His skin was tan which didn't help John as much as he'd thought it might as he failed to find tell-all tan lines. Recently returned from holiday, maybe, or perhaps he frequented tanning booths. He almost seemed the type. John's gut said military though he was hard pressed to support it by the length of the man's blonde hair or the relative ease of his posture. The gut feeling was enough for him, honestly--one recognizes their own kind. He decided perhaps the thin, crooked nose was from repetitive injury, the surroundings making the stranger seem more the type who had worked his way up than who had been born privileged and entitled.
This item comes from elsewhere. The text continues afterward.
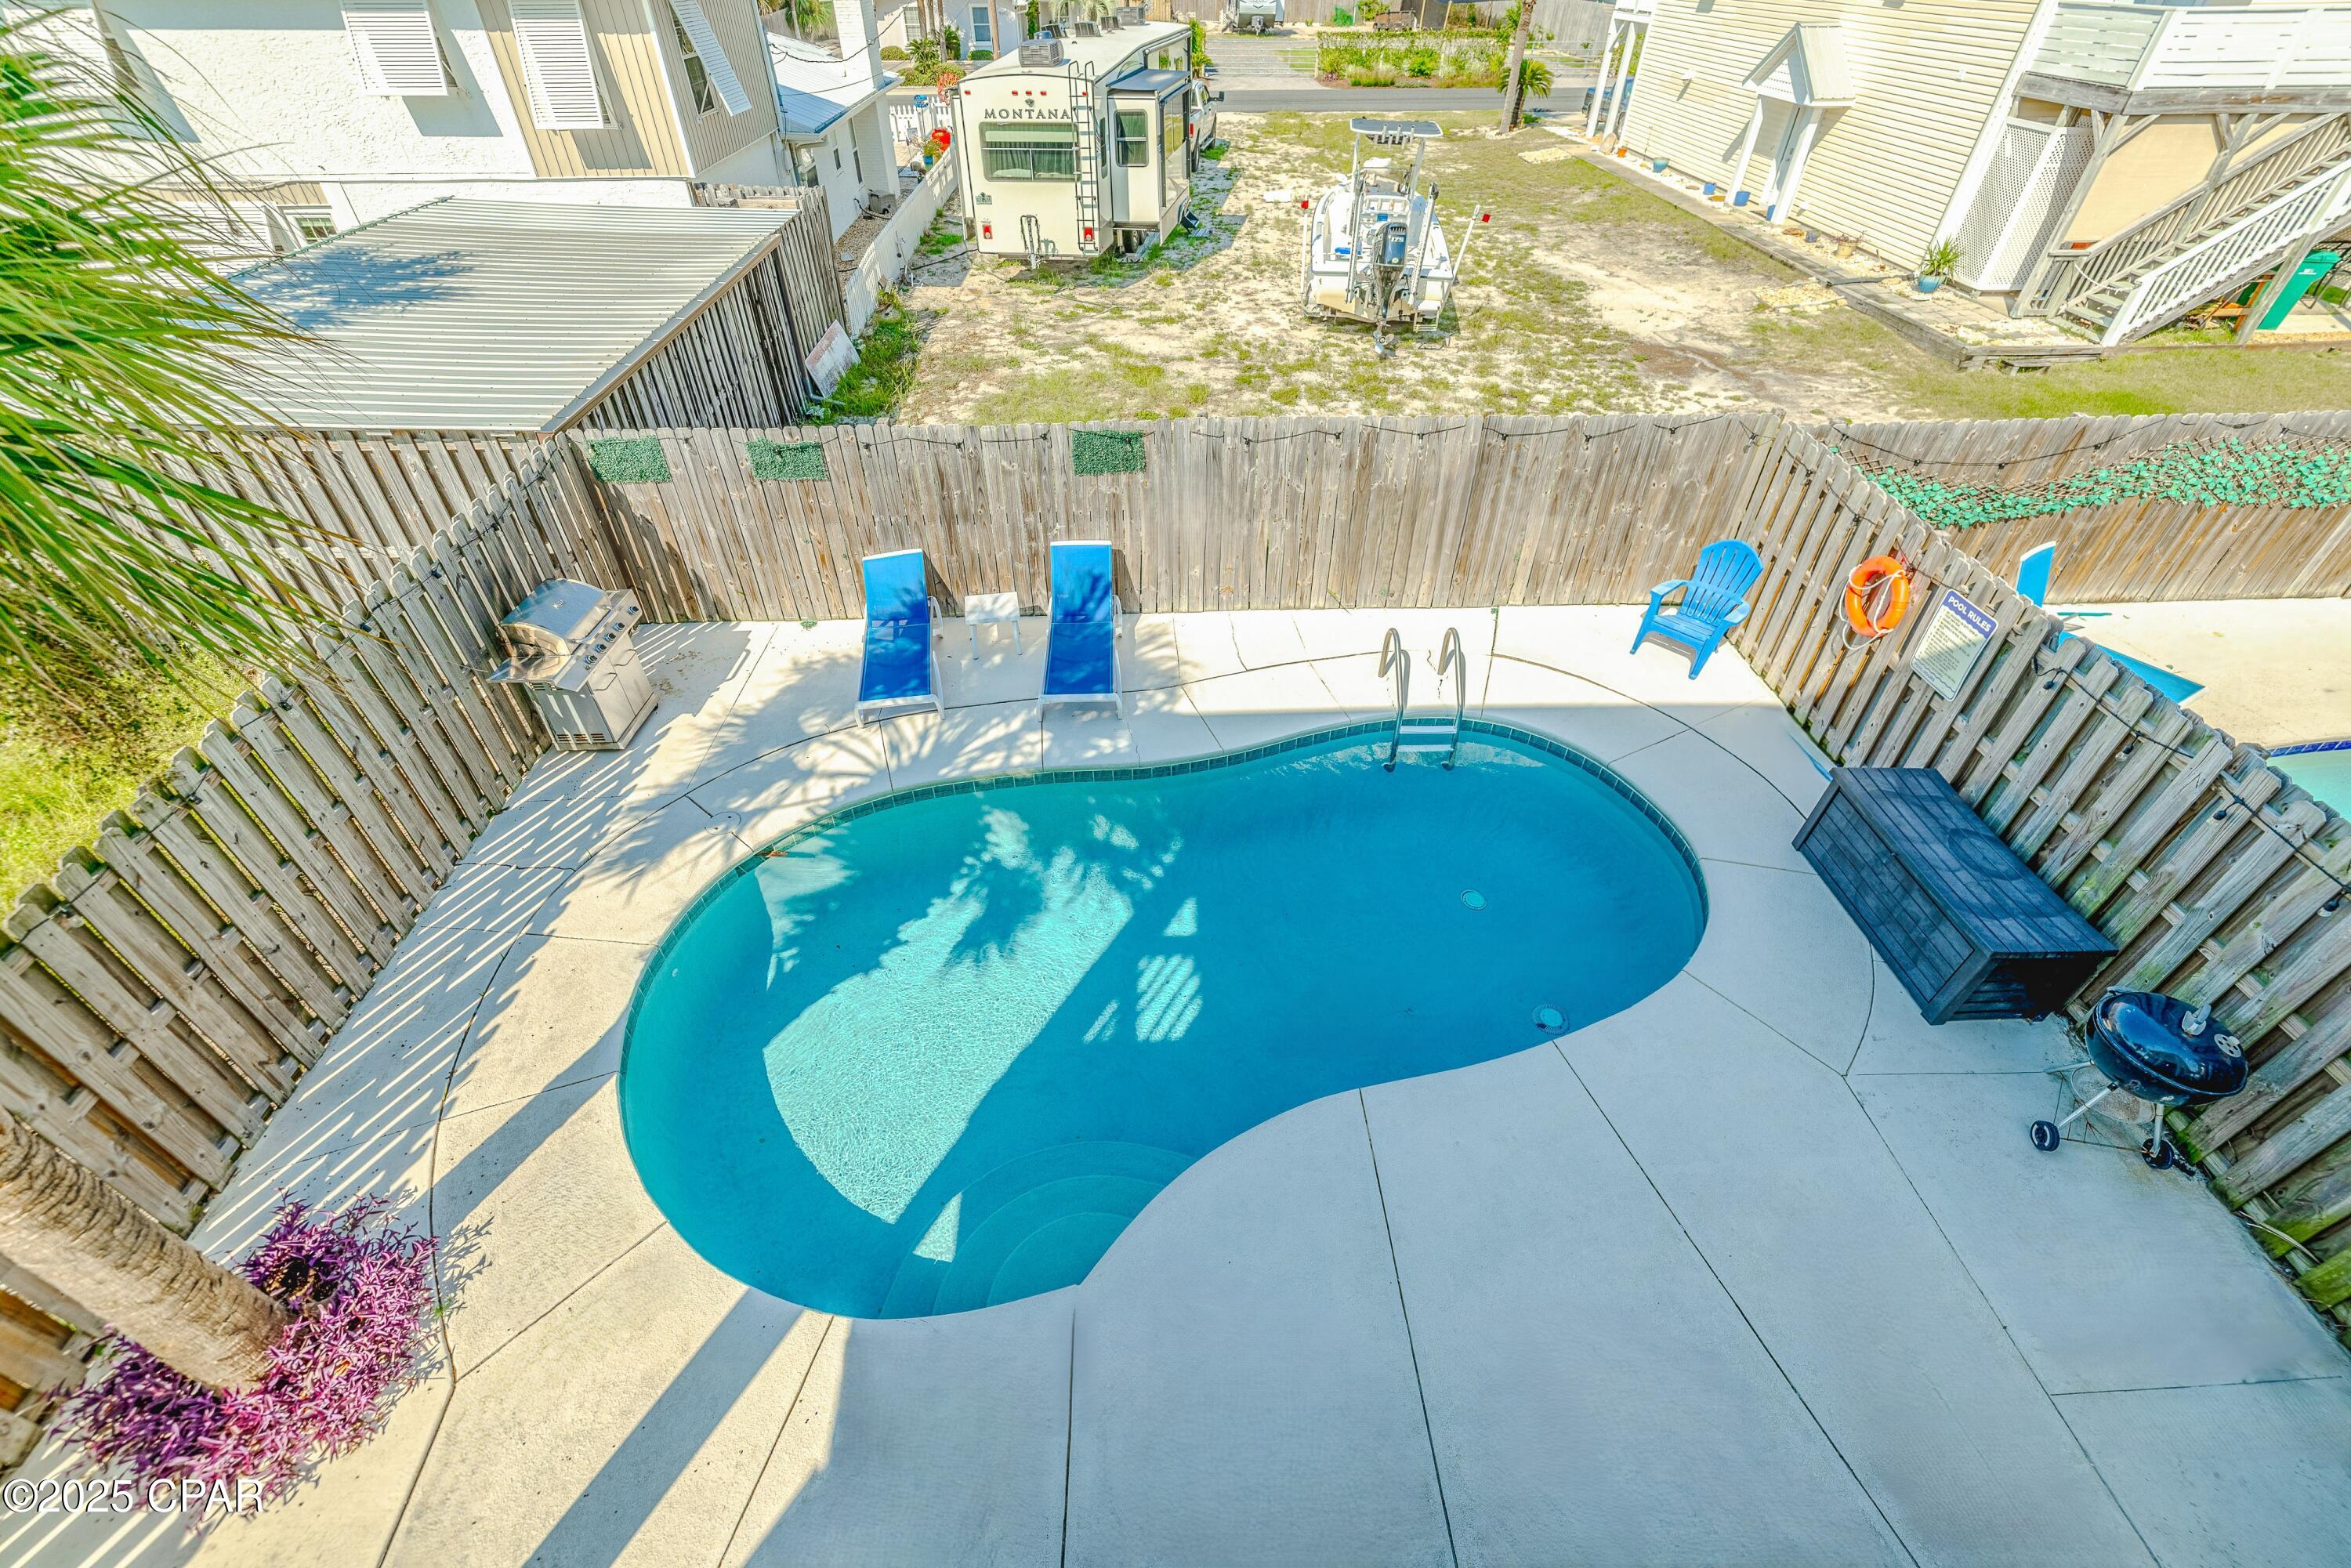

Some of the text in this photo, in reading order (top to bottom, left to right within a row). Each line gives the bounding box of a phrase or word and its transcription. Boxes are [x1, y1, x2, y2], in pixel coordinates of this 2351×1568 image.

[984, 108, 1071, 119] MONTANA
[1948, 596, 1991, 632] POOL RULES
It didn't endear John to him any. It made him more wary if anything, not quite sure what sort of man the tanned stranger was who would fight his way to the upper echelon and pick up blogger doctors off the street.
The man smiled, fingers entwined in his lap as he reclined. "I'm generally officed in Thessaloniki if that helps any," he said, smirking even more at the way John's eyes narrowed sharply. "I know the look," he explained, shifting in his seat. "We all pick up a few tricks from him here and there. Though I admit, as much intel as I have on you, you are still not at all what I pictured. Five-eight is a lot shorter in person than on paper."
John bristled, sitting up taller. "You know, in the service, short jokes stop around the time you swing a grown man over your shoulders and carry him off the battle field. You want to make me feel small, height comments aren't really the way to go about it."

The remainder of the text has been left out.